Thursday in the Park with Baraka

One can’t know everything, that’s what google is for. So why don’t more organizations google Amiri Baraka before getting involved with him. On Thursday, August 2nd, Baraka will be reading at Central Park’s Summer Stage, courtesy of the City Parks Foundation, organizers of Summer Stage events. What can you expect to hear if you decide to enjoy an evening in the Park?

Baraka is famous for causing the abolition of his position as the New Jersey State Poet Laureate when he wrote in “Somebody Blew Up America,” (which can be found at: amiribaraka dot com/blew dot html):

“Who knew the World Trade Center was gonna get bombed
Who told 4000 Israeli workers at the Twin Towers
To stay home that day
Why did Sharon stay away ?”

“Blew Up” also included Baraka’s infamous characterization of Condoleezza Rice as a “Skeeza.” The ADL rightly took exception to Baraka’s conspiracy theory poetry and compiled some troubling quotes from his past, like this from the 1960’s: "Another bad poem cracking steel knuckles in a jewlady's mouth." Baraka, the author of a 1980 Village Voice article titled “Confessions of a former Anti-Semite,” claims he has no issues with Jews now, just those evil Zionists. Read the ADL brief and make your own conclusions. The NY Times coverage of Baraka’s criticism of Newark Mayor Cory Booker’s administration suggests his rhetoric has not become more temperate in recent years.

Baraka definitely claims a substantial place in the history of jazz criticism. However, his hateful conspiracy theories place him well outside the mainstream. Make no mistake, inviting Baraka to give a reading is not that far from to hiring David Duke to perform an interpretative dance based on the Protocols of the Elders of Zion. He absolutely has a right to express his opinions, but the City Parks Foundation had no obligation to provide him a platform, especially when there are so many talented artists who would benefit from the exposure they provide.

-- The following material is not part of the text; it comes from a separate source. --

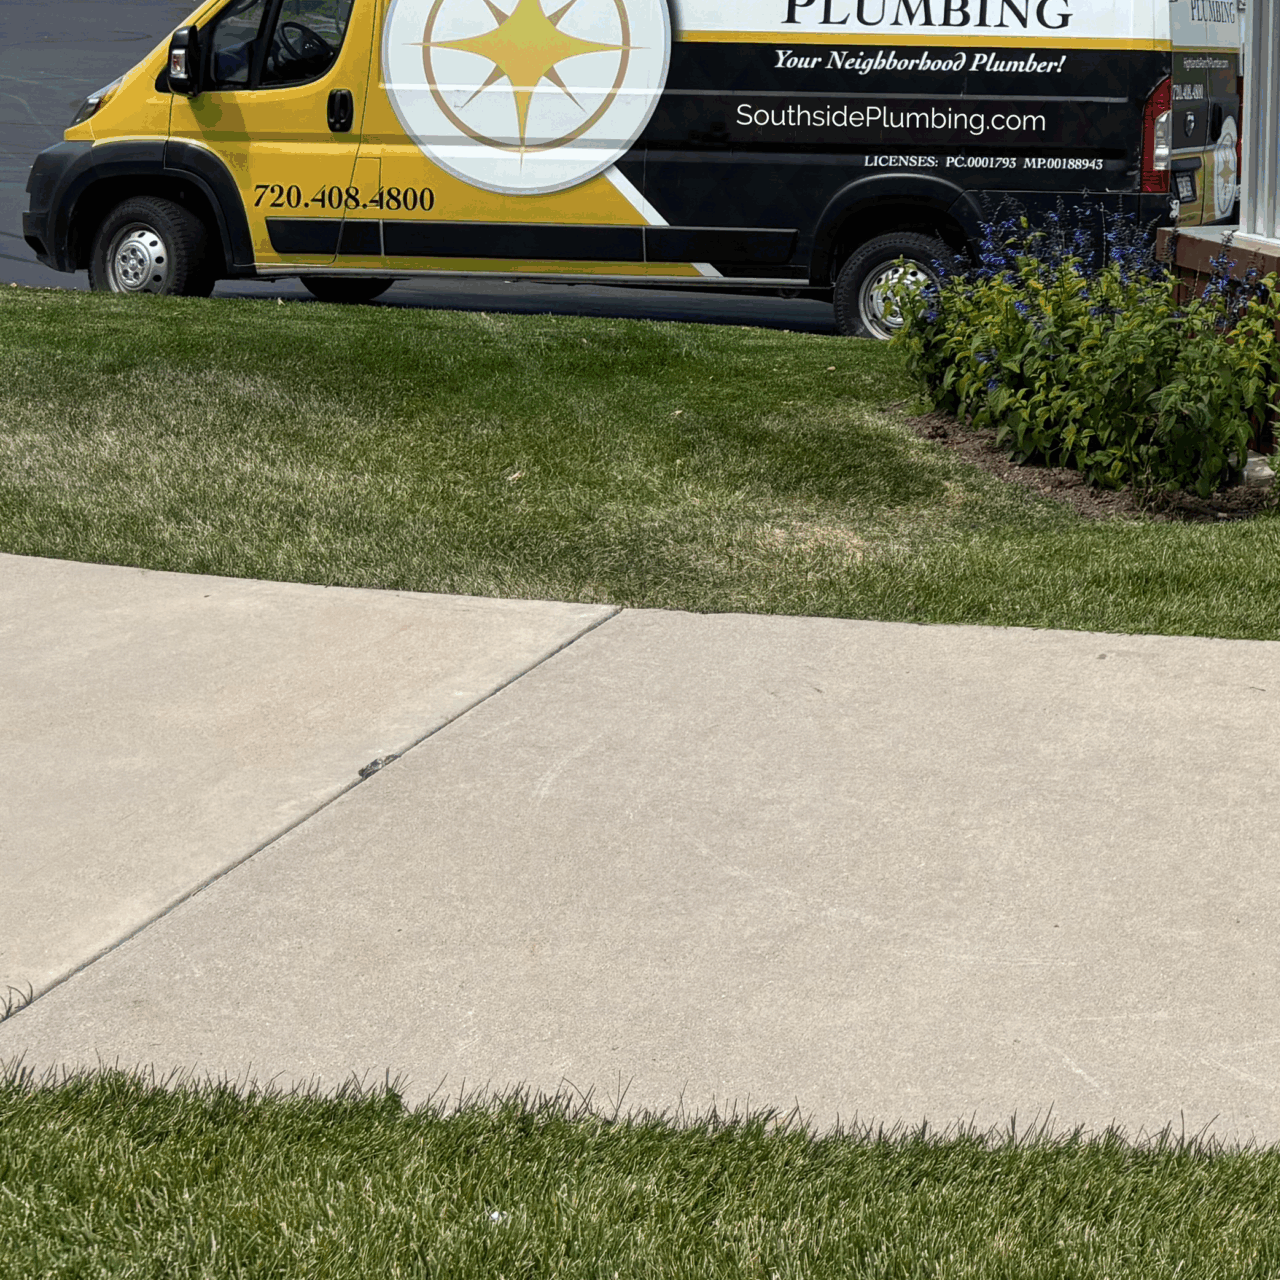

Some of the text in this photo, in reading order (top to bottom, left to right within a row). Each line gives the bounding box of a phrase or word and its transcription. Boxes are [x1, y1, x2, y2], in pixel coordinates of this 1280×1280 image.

Despite his past important jazz poetry and critical writing, Baraka, like Duke, has crossed the Rubicon into a dark place where the specter of Zionism lurks under every bed. Sponsoring him lends a tacit endorsement to whatever he might espouse, like suggestions of Israeli complicity in 9-11, thereby implying such extremist theories must be within the realm of reasonable discourse. This was the City Parks Foundation’s error, so do not flood the City Parks Department with angry e-mail. It does promise a highly bloggable evening though.